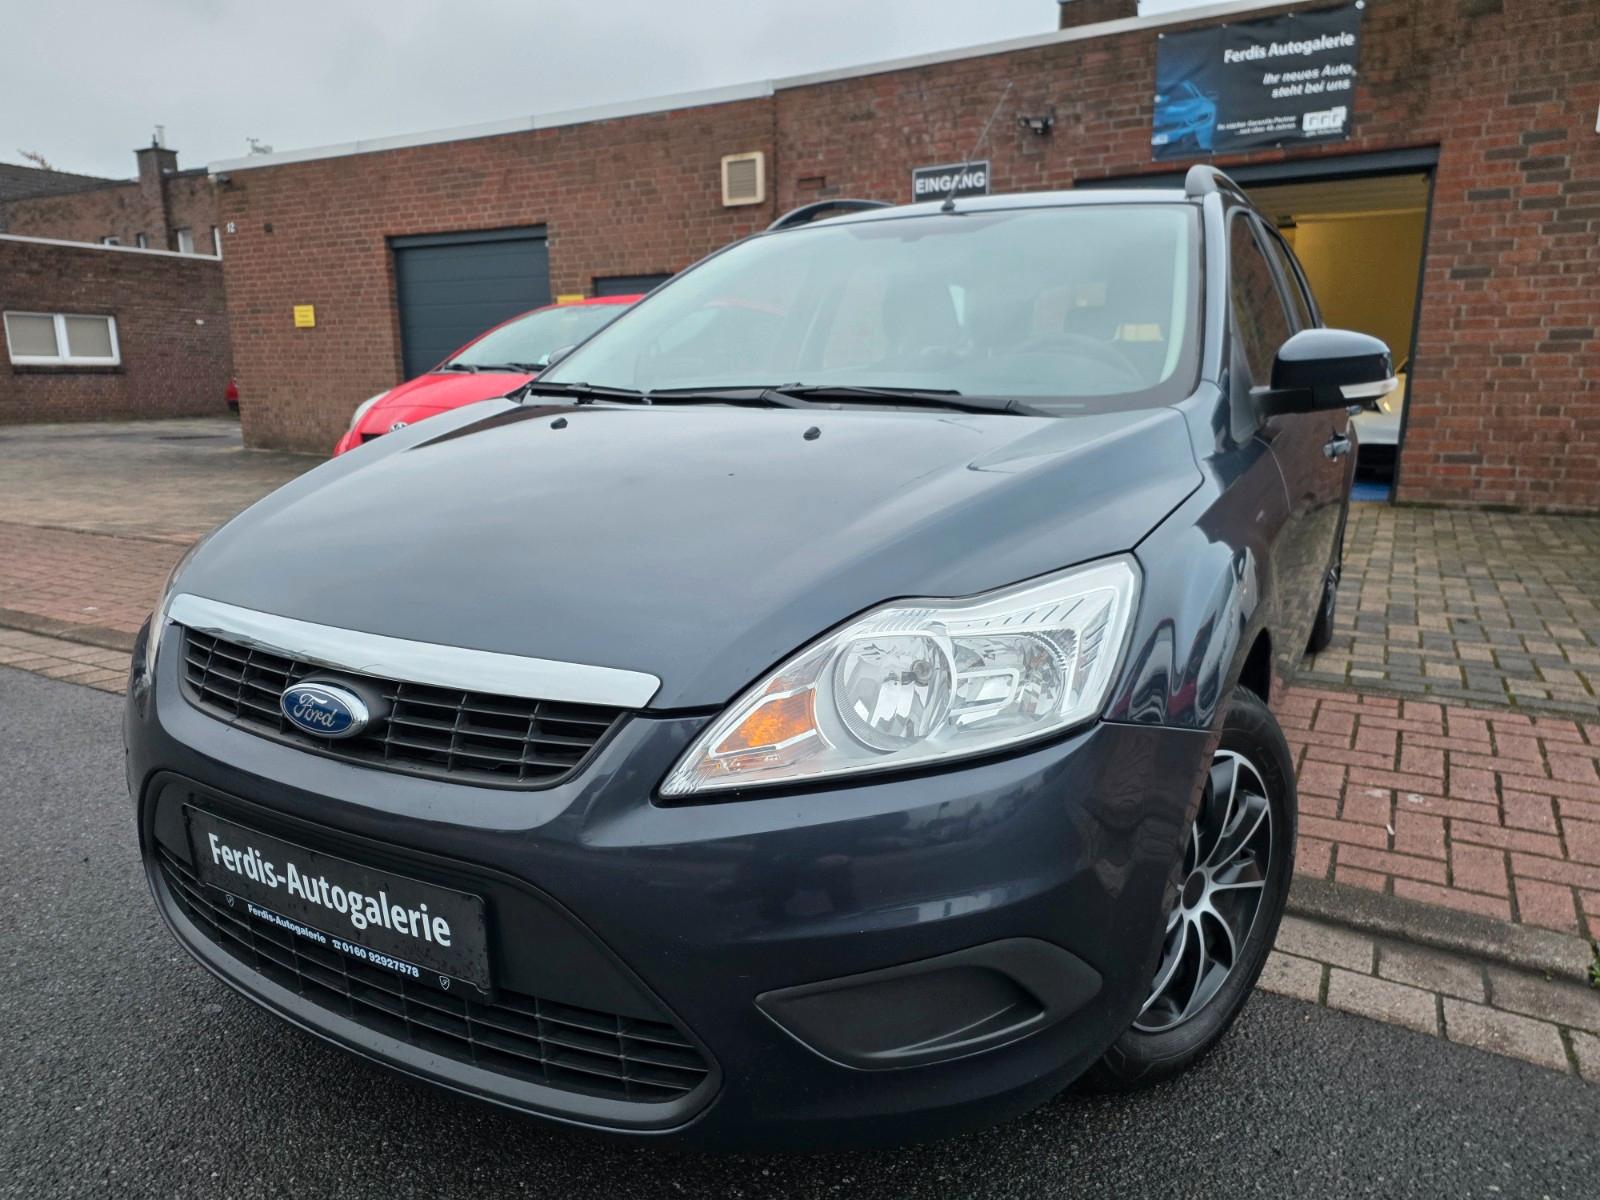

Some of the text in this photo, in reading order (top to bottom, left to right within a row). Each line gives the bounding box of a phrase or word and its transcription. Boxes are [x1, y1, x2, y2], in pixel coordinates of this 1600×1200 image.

[1223, 31, 1355, 63] Ferdis Autogalerie
[1263, 73, 1280, 85] Ihr
[1281, 68, 1320, 82] neues
[1271, 79, 1351, 98] steht bei uns
[915, 171, 986, 194] EINGANG
[293, 693, 338, 728] Ford
[208, 832, 452, 947] Ferdis-Autogalerie
[248, 903, 420, 978] Ferdis-Autogalerie 0160 92927578

════════════════

§ **About this exercise**: Set down the material again exactly. Don't carry over any pictures.

§ **Solution for this problem**:
Some of the text in this photo, in reading order (top to bottom, left to right within a row). Each line gives the bounding box of a phrase or word and its transcription. Boxes are [x1, y1, x2, y2], in pixel coordinates of this 1600×1200 image.

[1223, 31, 1355, 63] Ferdis Autogalerie
[1263, 73, 1280, 85] Ihr
[1281, 68, 1320, 82] neues
[1271, 79, 1351, 98] steht bei uns
[915, 171, 986, 194] EINGANG
[293, 693, 338, 728] Ford
[208, 832, 452, 947] Ferdis-Autogalerie
[248, 903, 420, 978] Ferdis-Autogalerie 0160 92927578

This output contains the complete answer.